- **Exercise requirements**
Below are some entries; can you quote all of them exactly?

Start of Material for this exercise

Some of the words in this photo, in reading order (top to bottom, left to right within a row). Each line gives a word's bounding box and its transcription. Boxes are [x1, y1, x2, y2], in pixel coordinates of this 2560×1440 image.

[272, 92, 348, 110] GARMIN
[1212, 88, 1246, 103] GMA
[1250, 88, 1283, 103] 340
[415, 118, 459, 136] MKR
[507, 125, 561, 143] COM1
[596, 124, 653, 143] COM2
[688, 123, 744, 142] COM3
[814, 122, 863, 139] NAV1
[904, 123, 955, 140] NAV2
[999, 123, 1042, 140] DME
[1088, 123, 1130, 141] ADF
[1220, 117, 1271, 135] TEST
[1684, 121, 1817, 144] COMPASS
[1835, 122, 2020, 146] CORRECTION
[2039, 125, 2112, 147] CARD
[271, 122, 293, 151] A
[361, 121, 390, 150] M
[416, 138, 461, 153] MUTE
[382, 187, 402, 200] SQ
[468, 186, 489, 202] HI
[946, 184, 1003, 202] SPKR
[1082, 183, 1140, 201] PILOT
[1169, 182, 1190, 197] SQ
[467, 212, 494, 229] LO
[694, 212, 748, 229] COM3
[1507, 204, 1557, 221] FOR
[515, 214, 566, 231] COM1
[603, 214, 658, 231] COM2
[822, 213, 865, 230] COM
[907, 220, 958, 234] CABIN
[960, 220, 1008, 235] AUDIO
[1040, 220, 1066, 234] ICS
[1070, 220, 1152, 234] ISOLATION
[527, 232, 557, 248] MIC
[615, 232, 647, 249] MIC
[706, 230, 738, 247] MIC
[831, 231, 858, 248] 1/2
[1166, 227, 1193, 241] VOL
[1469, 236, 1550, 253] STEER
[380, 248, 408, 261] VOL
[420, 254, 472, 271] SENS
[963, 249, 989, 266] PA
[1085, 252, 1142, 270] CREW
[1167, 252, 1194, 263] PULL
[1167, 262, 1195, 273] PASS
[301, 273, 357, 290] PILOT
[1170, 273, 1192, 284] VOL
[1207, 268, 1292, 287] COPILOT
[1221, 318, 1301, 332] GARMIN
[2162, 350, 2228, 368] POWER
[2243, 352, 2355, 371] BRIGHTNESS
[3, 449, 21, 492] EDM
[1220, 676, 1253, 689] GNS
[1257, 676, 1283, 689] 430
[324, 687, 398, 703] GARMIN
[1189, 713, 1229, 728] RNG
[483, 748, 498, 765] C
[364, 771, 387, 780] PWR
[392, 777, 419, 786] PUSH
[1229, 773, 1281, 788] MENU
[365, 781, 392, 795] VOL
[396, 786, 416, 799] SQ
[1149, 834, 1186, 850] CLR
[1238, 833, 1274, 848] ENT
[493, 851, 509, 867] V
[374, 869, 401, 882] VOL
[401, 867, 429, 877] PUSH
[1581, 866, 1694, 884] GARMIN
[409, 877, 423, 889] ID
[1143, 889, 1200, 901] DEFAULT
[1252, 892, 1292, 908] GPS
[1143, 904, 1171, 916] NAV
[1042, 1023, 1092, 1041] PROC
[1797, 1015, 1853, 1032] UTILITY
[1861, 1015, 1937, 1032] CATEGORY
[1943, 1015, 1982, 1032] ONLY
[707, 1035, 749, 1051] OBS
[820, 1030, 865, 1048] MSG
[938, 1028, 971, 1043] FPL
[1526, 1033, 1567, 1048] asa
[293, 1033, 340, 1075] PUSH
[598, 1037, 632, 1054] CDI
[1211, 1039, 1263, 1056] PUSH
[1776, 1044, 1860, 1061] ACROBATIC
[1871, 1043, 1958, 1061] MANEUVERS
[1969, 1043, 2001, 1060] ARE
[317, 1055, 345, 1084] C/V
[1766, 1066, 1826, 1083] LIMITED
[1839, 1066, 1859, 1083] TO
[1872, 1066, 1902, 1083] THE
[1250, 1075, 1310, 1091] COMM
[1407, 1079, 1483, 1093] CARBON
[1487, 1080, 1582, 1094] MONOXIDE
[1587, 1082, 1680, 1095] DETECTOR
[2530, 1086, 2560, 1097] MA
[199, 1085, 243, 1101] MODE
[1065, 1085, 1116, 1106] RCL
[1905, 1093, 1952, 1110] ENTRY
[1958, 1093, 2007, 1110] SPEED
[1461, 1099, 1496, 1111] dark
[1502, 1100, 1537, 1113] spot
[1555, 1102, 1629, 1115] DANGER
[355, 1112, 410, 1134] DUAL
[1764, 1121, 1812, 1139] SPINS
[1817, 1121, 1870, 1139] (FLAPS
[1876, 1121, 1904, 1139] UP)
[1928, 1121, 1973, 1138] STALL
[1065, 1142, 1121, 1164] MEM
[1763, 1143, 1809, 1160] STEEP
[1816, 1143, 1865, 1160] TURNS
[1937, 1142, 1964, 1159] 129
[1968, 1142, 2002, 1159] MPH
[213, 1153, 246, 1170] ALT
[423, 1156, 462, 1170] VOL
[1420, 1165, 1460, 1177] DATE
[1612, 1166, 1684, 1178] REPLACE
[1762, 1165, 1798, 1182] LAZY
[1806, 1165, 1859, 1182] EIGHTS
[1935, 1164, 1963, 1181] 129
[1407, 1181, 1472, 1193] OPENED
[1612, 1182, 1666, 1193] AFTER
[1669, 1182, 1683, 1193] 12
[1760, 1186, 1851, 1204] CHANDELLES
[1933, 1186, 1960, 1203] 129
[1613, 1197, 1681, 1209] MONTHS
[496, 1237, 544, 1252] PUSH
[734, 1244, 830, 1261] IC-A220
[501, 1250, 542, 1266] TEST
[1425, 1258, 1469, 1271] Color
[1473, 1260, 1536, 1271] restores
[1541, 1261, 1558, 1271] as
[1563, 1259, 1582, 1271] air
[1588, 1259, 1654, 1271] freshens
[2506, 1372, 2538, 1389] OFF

End of Material for this exercise

- **Reply**
Some of the words in this photo, in reading order (top to bottom, left to right within a row). Each line gives a word's bounding box and its transcription. Boxes are [x1, y1, x2, y2], in pixel coordinates of this 2560×1440 image.

[272, 92, 348, 110] GARMIN
[1212, 88, 1246, 103] GMA
[1250, 88, 1283, 103] 340
[415, 118, 459, 136] MKR
[507, 125, 561, 143] COM1
[596, 124, 653, 143] COM2
[688, 123, 744, 142] COM3
[814, 122, 863, 139] NAV1
[904, 123, 955, 140] NAV2
[999, 123, 1042, 140] DME
[1088, 123, 1130, 141] ADF
[1220, 117, 1271, 135] TEST
[1684, 121, 1817, 144] COMPASS
[1835, 122, 2020, 146] CORRECTION
[2039, 125, 2112, 147] CARD
[271, 122, 293, 151] A
[361, 121, 390, 150] M
[416, 138, 461, 153] MUTE
[382, 187, 402, 200] SQ
[468, 186, 489, 202] HI
[946, 184, 1003, 202] SPKR
[1082, 183, 1140, 201] PILOT
[1169, 182, 1190, 197] SQ
[467, 212, 494, 229] LO
[694, 212, 748, 229] COM3
[1507, 204, 1557, 221] FOR
[515, 214, 566, 231] COM1
[603, 214, 658, 231] COM2
[822, 213, 865, 230] COM
[907, 220, 958, 234] CABIN
[960, 220, 1008, 235] AUDIO
[1040, 220, 1066, 234] ICS
[1070, 220, 1152, 234] ISOLATION
[527, 232, 557, 248] MIC
[615, 232, 647, 249] MIC
[706, 230, 738, 247] MIC
[831, 231, 858, 248] 1/2
[1166, 227, 1193, 241] VOL
[1469, 236, 1550, 253] STEER
[380, 248, 408, 261] VOL
[420, 254, 472, 271] SENS
[963, 249, 989, 266] PA
[1085, 252, 1142, 270] CREW
[1167, 252, 1194, 263] PULL
[1167, 262, 1195, 273] PASS
[301, 273, 357, 290] PILOT
[1170, 273, 1192, 284] VOL
[1207, 268, 1292, 287] COPILOT
[1221, 318, 1301, 332] GARMIN
[2162, 350, 2228, 368] POWER
[2243, 352, 2355, 371] BRIGHTNESS
[3, 449, 21, 492] EDM
[1220, 676, 1253, 689] GNS
[1257, 676, 1283, 689] 430
[324, 687, 398, 703] GARMIN
[1189, 713, 1229, 728] RNG
[483, 748, 498, 765] C
[364, 771, 387, 780] PWR
[392, 777, 419, 786] PUSH
[1229, 773, 1281, 788] MENU
[365, 781, 392, 795] VOL
[396, 786, 416, 799] SQ
[1149, 834, 1186, 850] CLR
[1238, 833, 1274, 848] ENT
[493, 851, 509, 867] V
[374, 869, 401, 882] VOL
[401, 867, 429, 877] PUSH
[1581, 866, 1694, 884] GARMIN
[409, 877, 423, 889] ID
[1143, 889, 1200, 901] DEFAULT
[1252, 892, 1292, 908] GPS
[1143, 904, 1171, 916] NAV
[1042, 1023, 1092, 1041] PROC
[1797, 1015, 1853, 1032] UTILITY
[1861, 1015, 1937, 1032] CATEGORY
[1943, 1015, 1982, 1032] ONLY
[707, 1035, 749, 1051] OBS
[820, 1030, 865, 1048] MSG
[938, 1028, 971, 1043] FPL
[1526, 1033, 1567, 1048] asa
[293, 1033, 340, 1075] PUSH
[598, 1037, 632, 1054] CDI
[1211, 1039, 1263, 1056] PUSH
[1776, 1044, 1860, 1061] ACROBATIC
[1871, 1043, 1958, 1061] MANEUVERS
[1969, 1043, 2001, 1060] ARE
[317, 1055, 345, 1084] C/V
[1766, 1066, 1826, 1083] LIMITED
[1839, 1066, 1859, 1083] TO
[1872, 1066, 1902, 1083] THE
[1250, 1075, 1310, 1091] COMM
[1407, 1079, 1483, 1093] CARBON
[1487, 1080, 1582, 1094] MONOXIDE
[1587, 1082, 1680, 1095] DETECTOR
[2530, 1086, 2560, 1097] MA
[199, 1085, 243, 1101] MODE
[1065, 1085, 1116, 1106] RCL
[1905, 1093, 1952, 1110] ENTRY
[1958, 1093, 2007, 1110] SPEED
[1461, 1099, 1496, 1111] dark
[1502, 1100, 1537, 1113] spot
[1555, 1102, 1629, 1115] DANGER
[355, 1112, 410, 1134] DUAL
[1764, 1121, 1812, 1139] SPINS
[1817, 1121, 1870, 1139] (FLAPS
[1876, 1121, 1904, 1139] UP)
[1928, 1121, 1973, 1138] STALL
[1065, 1142, 1121, 1164] MEM
[1763, 1143, 1809, 1160] STEEP
[1816, 1143, 1865, 1160] TURNS
[1937, 1142, 1964, 1159] 129
[1968, 1142, 2002, 1159] MPH
[213, 1153, 246, 1170] ALT
[423, 1156, 462, 1170] VOL
[1420, 1165, 1460, 1177] DATE
[1612, 1166, 1684, 1178] REPLACE
[1762, 1165, 1798, 1182] LAZY
[1806, 1165, 1859, 1182] EIGHTS
[1935, 1164, 1963, 1181] 129
[1407, 1181, 1472, 1193] OPENED
[1612, 1182, 1666, 1193] AFTER
[1669, 1182, 1683, 1193] 12
[1760, 1186, 1851, 1204] CHANDELLES
[1933, 1186, 1960, 1203] 129
[1613, 1197, 1681, 1209] MONTHS
[496, 1237, 544, 1252] PUSH
[734, 1244, 830, 1261] IC-A220
[501, 1250, 542, 1266] TEST
[1425, 1258, 1469, 1271] Color
[1473, 1260, 1536, 1271] restores
[1541, 1261, 1558, 1271] as
[1563, 1259, 1582, 1271] air
[1588, 1259, 1654, 1271] freshens
[2506, 1372, 2538, 1389] OFF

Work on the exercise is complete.